### Work required
Transcribe everything in the listing as written, and let no image into the copy.

### Given information
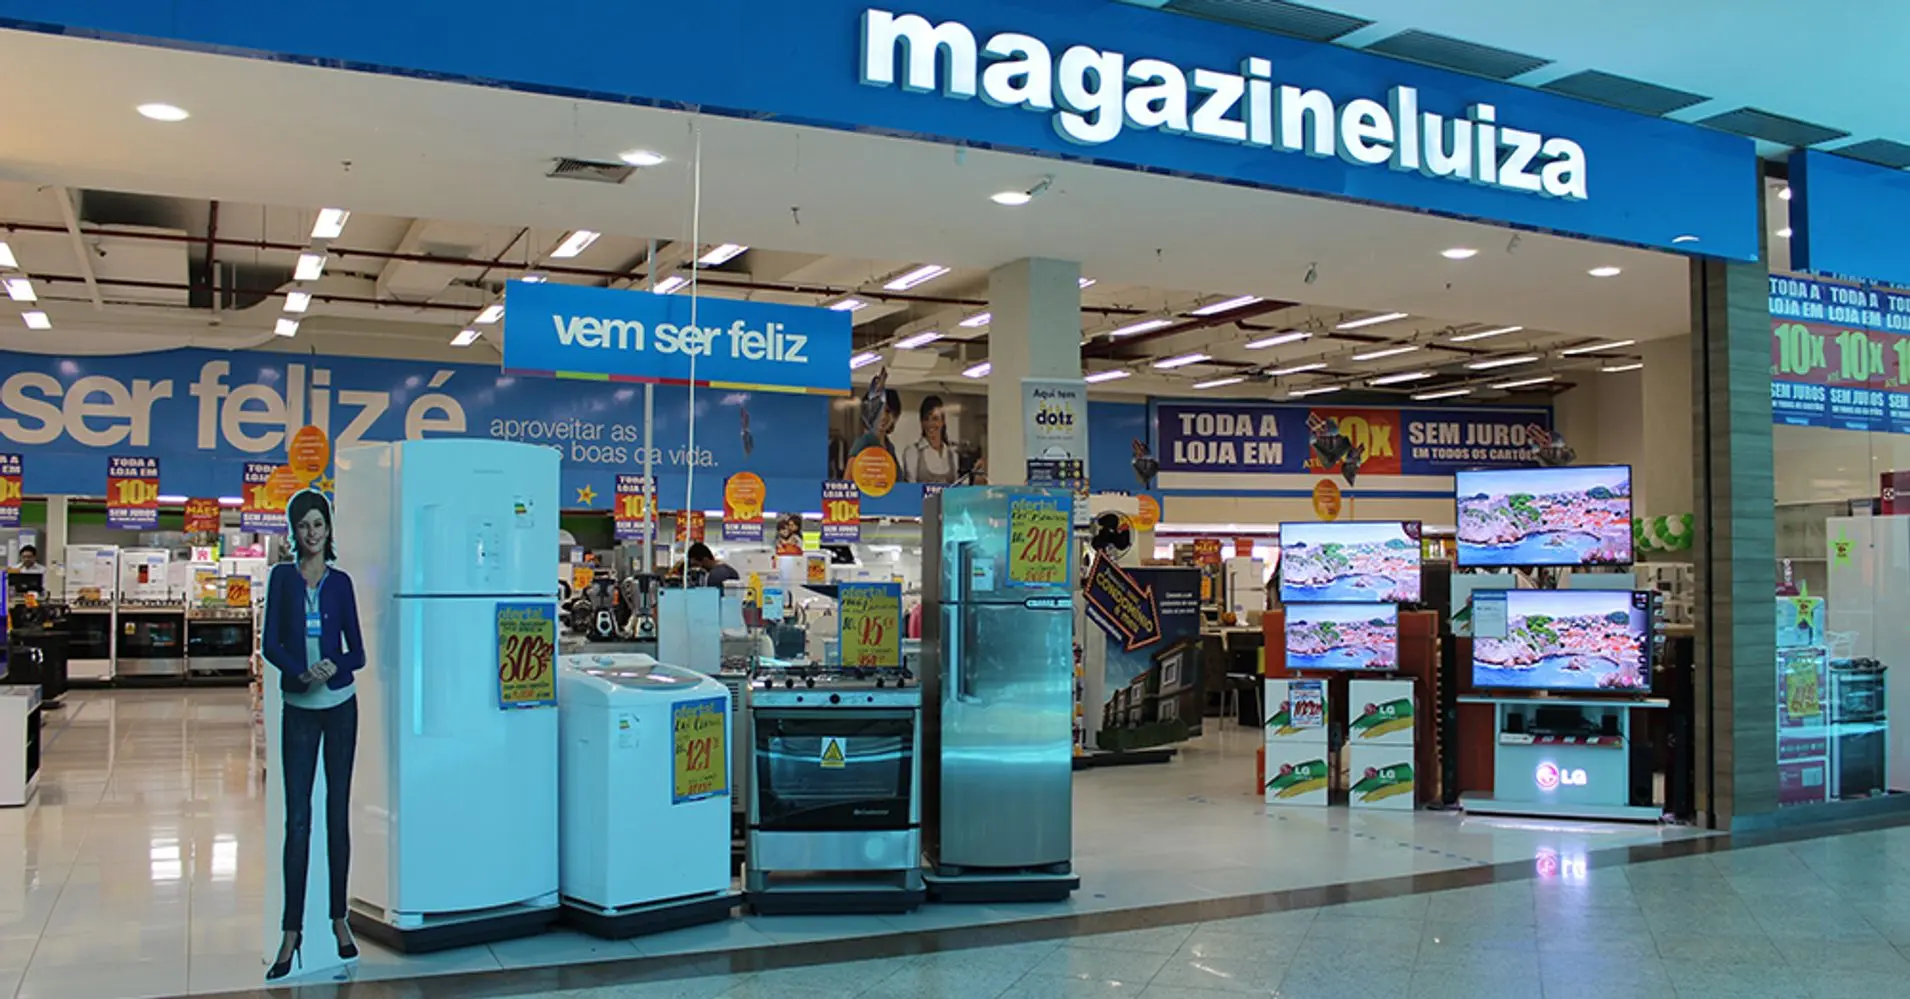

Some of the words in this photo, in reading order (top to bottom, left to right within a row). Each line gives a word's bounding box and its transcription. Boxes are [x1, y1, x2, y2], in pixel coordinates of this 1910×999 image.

[860, 8, 1588, 200] magazineluiza
[1769, 278, 1808, 298] TODA
[1810, 284, 1820, 300] A
[1829, 286, 1867, 307] TODA
[1869, 293, 1879, 308] A
[1769, 297, 1800, 316] LOJA
[1803, 302, 1824, 319] EM
[1828, 305, 1860, 324] LOJA
[1862, 310, 1881, 327] EM
[553, 314, 644, 350] vem
[654, 321, 721, 357] ser
[728, 319, 808, 363] feliz
[1033, 389, 1055, 400] Aqui
[1830, 388, 1851, 404] SEM
[0, 371, 173, 447] ser
[190, 360, 391, 452] feliz
[404, 369, 467, 440] é
[1036, 409, 1073, 425] dotz
[490, 418, 604, 442] aproveitar
[611, 424, 638, 442] as
[1178, 413, 1254, 437] TODA
[1259, 415, 1278, 437] A
[1408, 422, 1460, 445] SEM
[1465, 424, 1536, 447] JURO
[571, 442, 627, 464] boas
[669, 445, 719, 467] vida.
[1174, 440, 1237, 464] LOJA
[1243, 442, 1283, 464] EM
[1413, 448, 1430, 459] EM
[1433, 448, 1470, 459] TODOS
[1473, 449, 1488, 459] OS
[1379, 705, 1396, 715] LG
[1295, 766, 1311, 775] LG
[1379, 769, 1396, 779] LG
[1560, 768, 1588, 786] LG
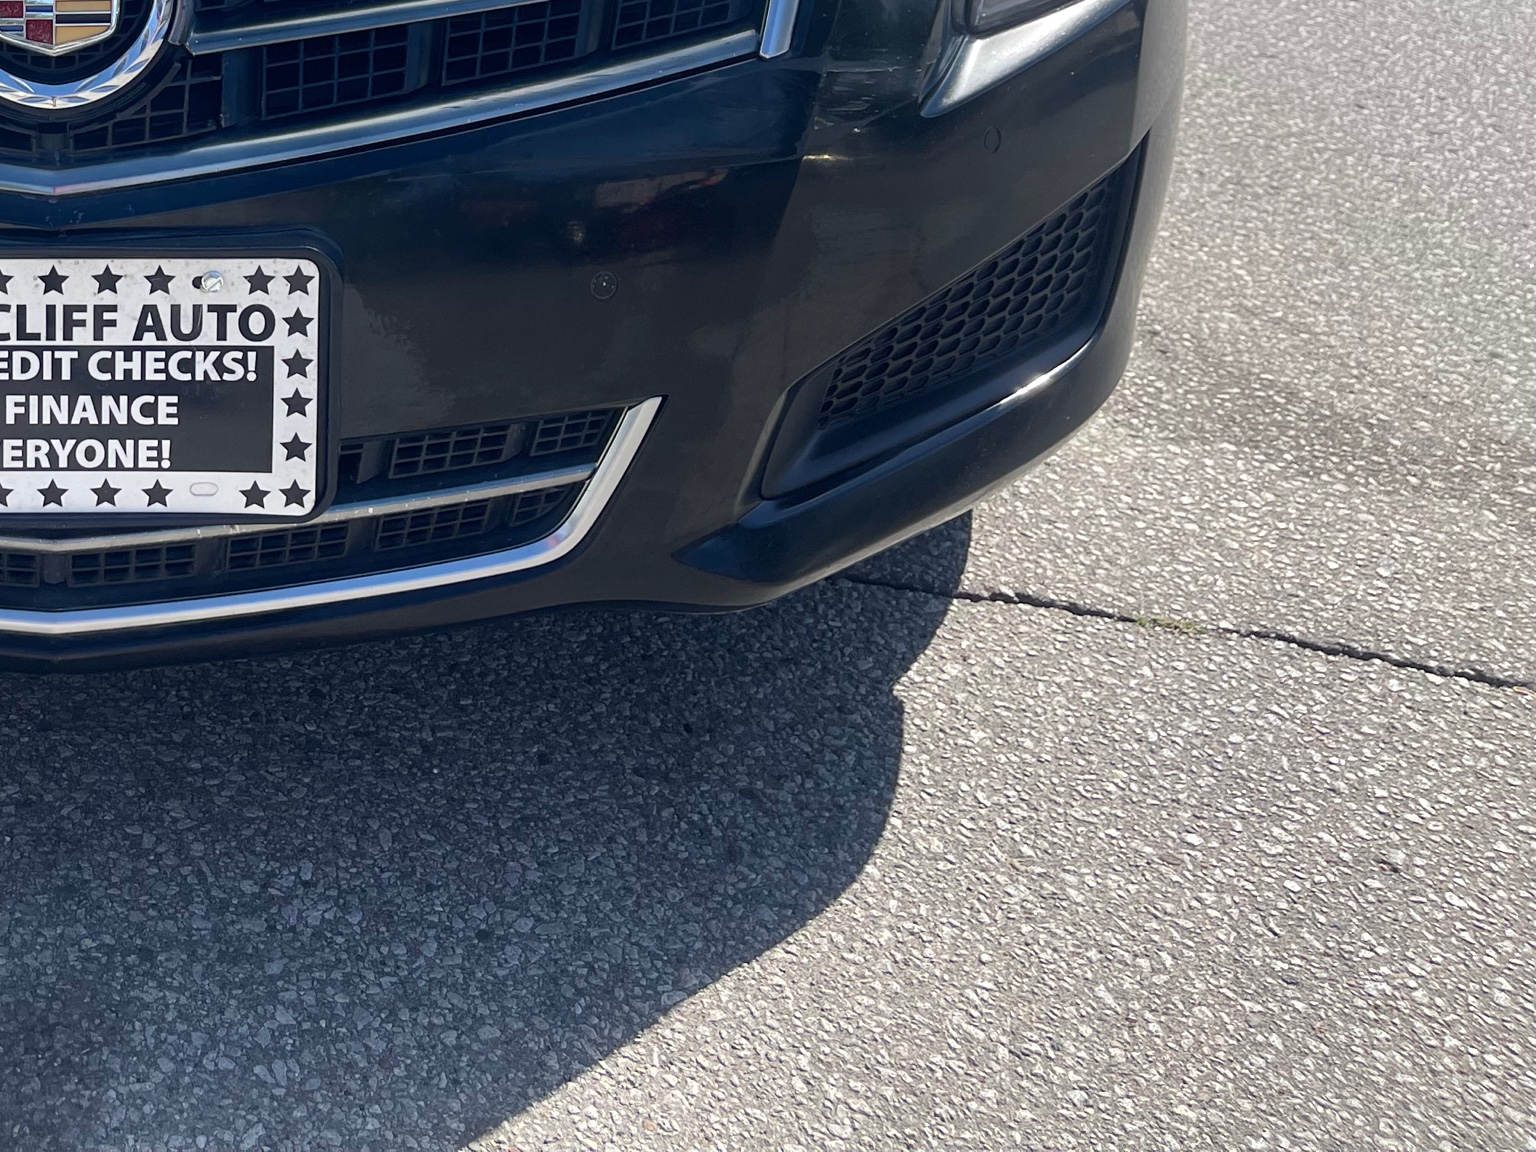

### Answer
Some of the words in this photo, in reading order (top to bottom, left to right within a row). Each line gives a word's bounding box and its transcription. Boxes are [x1, y1, x2, y2], in pixel coordinates of this 1910×999 image.

[860, 8, 1588, 200] magazineluiza
[1769, 278, 1808, 298] TODA
[1810, 284, 1820, 300] A
[1829, 286, 1867, 307] TODA
[1869, 293, 1879, 308] A
[1769, 297, 1800, 316] LOJA
[1803, 302, 1824, 319] EM
[1828, 305, 1860, 324] LOJA
[1862, 310, 1881, 327] EM
[553, 314, 644, 350] vem
[654, 321, 721, 357] ser
[728, 319, 808, 363] feliz
[1033, 389, 1055, 400] Aqui
[1830, 388, 1851, 404] SEM
[0, 371, 173, 447] ser
[190, 360, 391, 452] feliz
[404, 369, 467, 440] é
[1036, 409, 1073, 425] dotz
[490, 418, 604, 442] aproveitar
[611, 424, 638, 442] as
[1178, 413, 1254, 437] TODA
[1259, 415, 1278, 437] A
[1408, 422, 1460, 445] SEM
[1465, 424, 1536, 447] JURO
[571, 442, 627, 464] boas
[669, 445, 719, 467] vida.
[1174, 440, 1237, 464] LOJA
[1243, 442, 1283, 464] EM
[1413, 448, 1430, 459] EM
[1433, 448, 1470, 459] TODOS
[1473, 449, 1488, 459] OS
[1379, 705, 1396, 715] LG
[1295, 766, 1311, 775] LG
[1379, 769, 1396, 779] LG
[1560, 768, 1588, 786] LG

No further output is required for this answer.